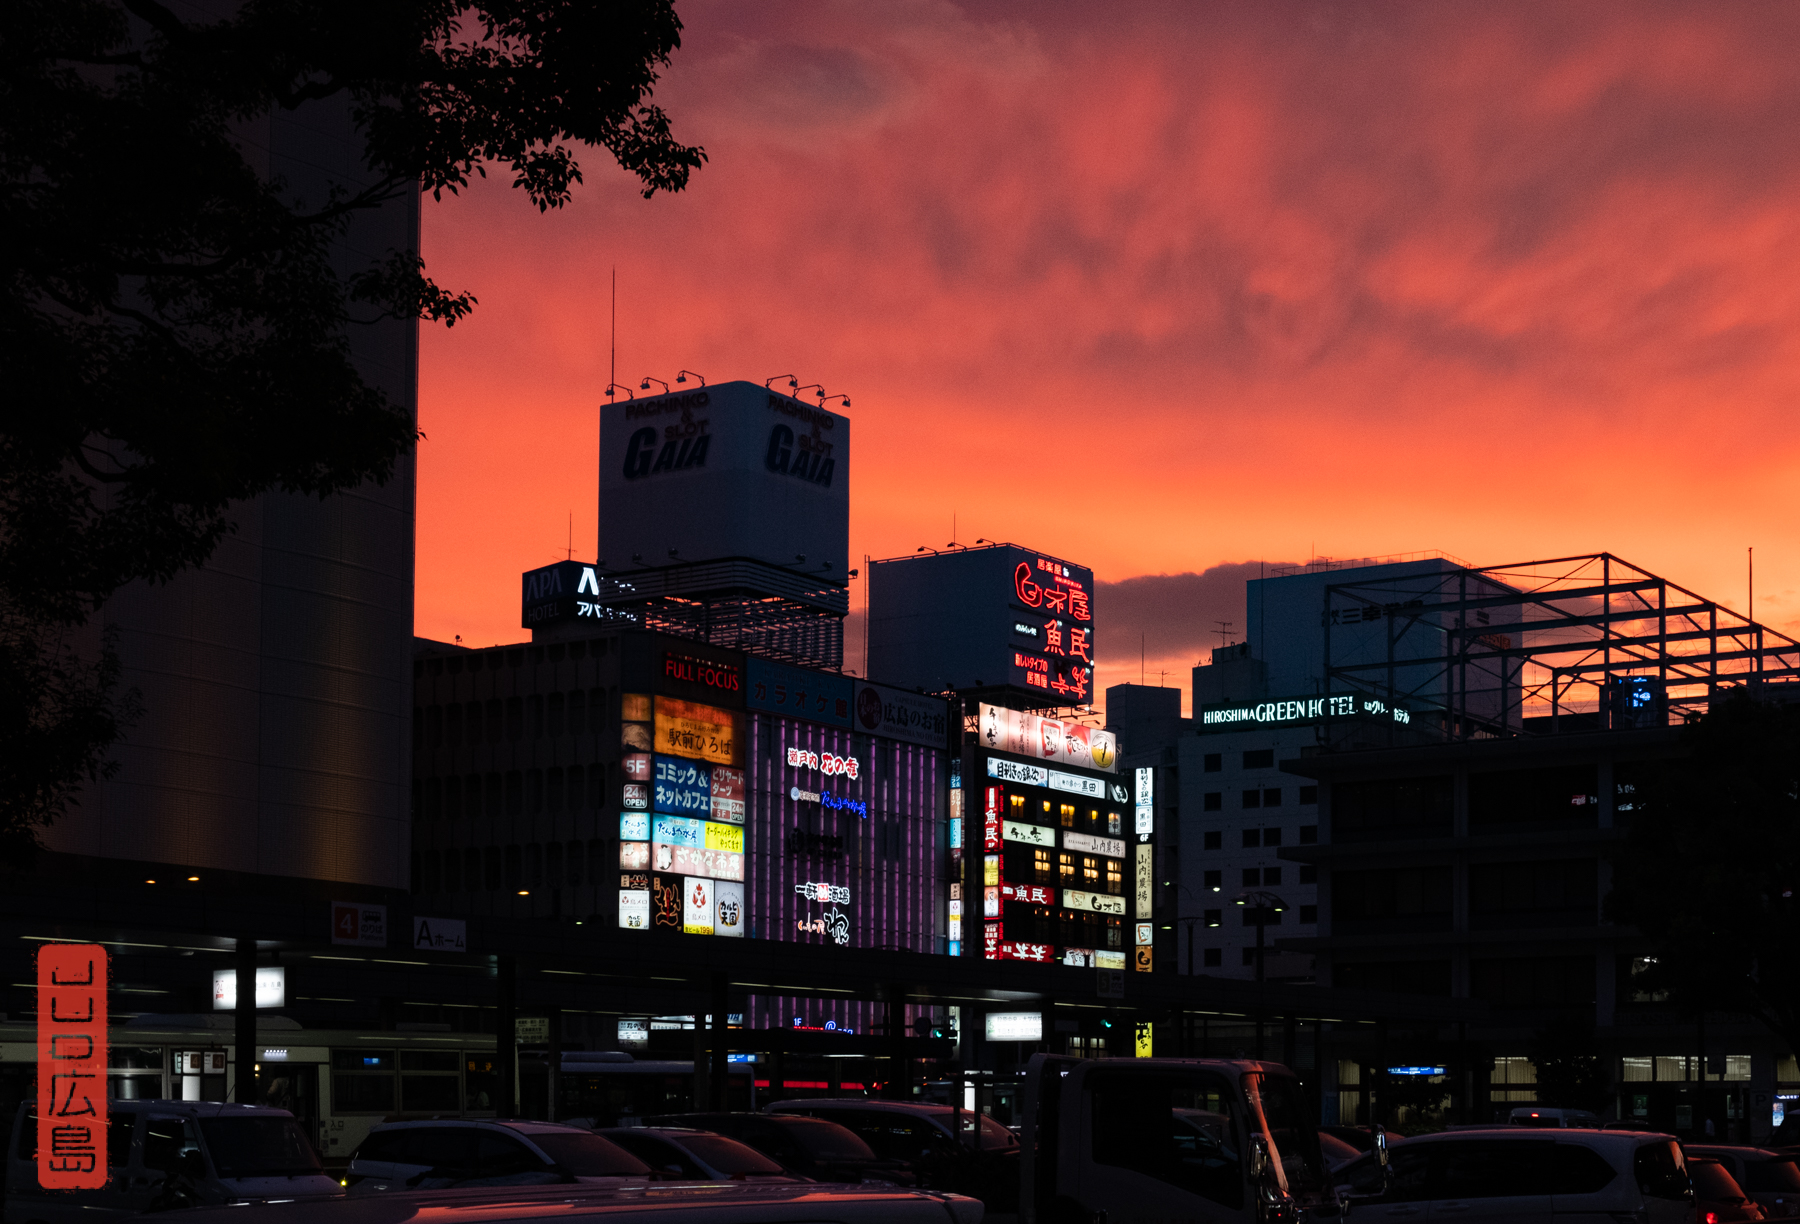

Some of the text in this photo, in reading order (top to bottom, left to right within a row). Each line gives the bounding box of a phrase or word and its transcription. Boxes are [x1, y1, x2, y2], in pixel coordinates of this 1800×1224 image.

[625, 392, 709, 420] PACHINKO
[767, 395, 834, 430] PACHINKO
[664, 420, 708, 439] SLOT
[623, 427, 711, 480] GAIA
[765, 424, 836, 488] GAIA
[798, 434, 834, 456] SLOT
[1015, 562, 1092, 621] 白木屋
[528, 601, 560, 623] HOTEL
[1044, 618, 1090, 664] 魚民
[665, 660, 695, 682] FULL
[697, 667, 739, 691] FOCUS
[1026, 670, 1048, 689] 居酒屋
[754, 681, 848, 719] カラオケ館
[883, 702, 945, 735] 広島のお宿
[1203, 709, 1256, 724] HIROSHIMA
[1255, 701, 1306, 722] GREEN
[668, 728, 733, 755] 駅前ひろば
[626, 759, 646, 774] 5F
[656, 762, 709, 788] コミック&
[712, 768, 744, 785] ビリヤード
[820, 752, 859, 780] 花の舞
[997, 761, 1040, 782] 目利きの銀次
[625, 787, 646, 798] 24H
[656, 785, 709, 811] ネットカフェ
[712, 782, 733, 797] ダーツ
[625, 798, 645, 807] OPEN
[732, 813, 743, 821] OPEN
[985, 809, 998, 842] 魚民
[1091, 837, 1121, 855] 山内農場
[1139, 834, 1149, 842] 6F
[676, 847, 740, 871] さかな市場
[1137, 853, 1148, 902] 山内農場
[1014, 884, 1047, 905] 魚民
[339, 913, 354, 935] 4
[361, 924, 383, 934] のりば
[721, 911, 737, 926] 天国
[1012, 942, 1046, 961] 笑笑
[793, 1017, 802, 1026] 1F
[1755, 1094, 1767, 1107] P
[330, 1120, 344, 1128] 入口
------------------------------------
* _GOAL OF THE EXERCISE_: Omitting all pictures, set the listing down exactly.

* _EXERCISE SOLUTION_:
Some of the text in this photo, in reading order (top to bottom, left to right within a row). Each line gives the bounding box of a phrase or word and its transcription. Boxes are [x1, y1, x2, y2], in pixel coordinates of this 1800×1224 image.

[625, 392, 709, 420] PACHINKO
[767, 395, 834, 430] PACHINKO
[664, 420, 708, 439] SLOT
[623, 427, 711, 480] GAIA
[765, 424, 836, 488] GAIA
[798, 434, 834, 456] SLOT
[1015, 562, 1092, 621] 白木屋
[528, 601, 560, 623] HOTEL
[1044, 618, 1090, 664] 魚民
[665, 660, 695, 682] FULL
[697, 667, 739, 691] FOCUS
[1026, 670, 1048, 689] 居酒屋
[754, 681, 848, 719] カラオケ館
[883, 702, 945, 735] 広島のお宿
[1203, 709, 1256, 724] HIROSHIMA
[1255, 701, 1306, 722] GREEN
[668, 728, 733, 755] 駅前ひろば
[626, 759, 646, 774] 5F
[656, 762, 709, 788] コミック&
[712, 768, 744, 785] ビリヤード
[820, 752, 859, 780] 花の舞
[997, 761, 1040, 782] 目利きの銀次
[625, 787, 646, 798] 24H
[656, 785, 709, 811] ネットカフェ
[712, 782, 733, 797] ダーツ
[625, 798, 645, 807] OPEN
[732, 813, 743, 821] OPEN
[985, 809, 998, 842] 魚民
[1091, 837, 1121, 855] 山内農場
[1139, 834, 1149, 842] 6F
[676, 847, 740, 871] さかな市場
[1137, 853, 1148, 902] 山内農場
[1014, 884, 1047, 905] 魚民
[339, 913, 354, 935] 4
[361, 924, 383, 934] のりば
[721, 911, 737, 926] 天国
[1012, 942, 1046, 961] 笑笑
[793, 1017, 802, 1026] 1F
[1755, 1094, 1767, 1107] P
[330, 1120, 344, 1128] 入口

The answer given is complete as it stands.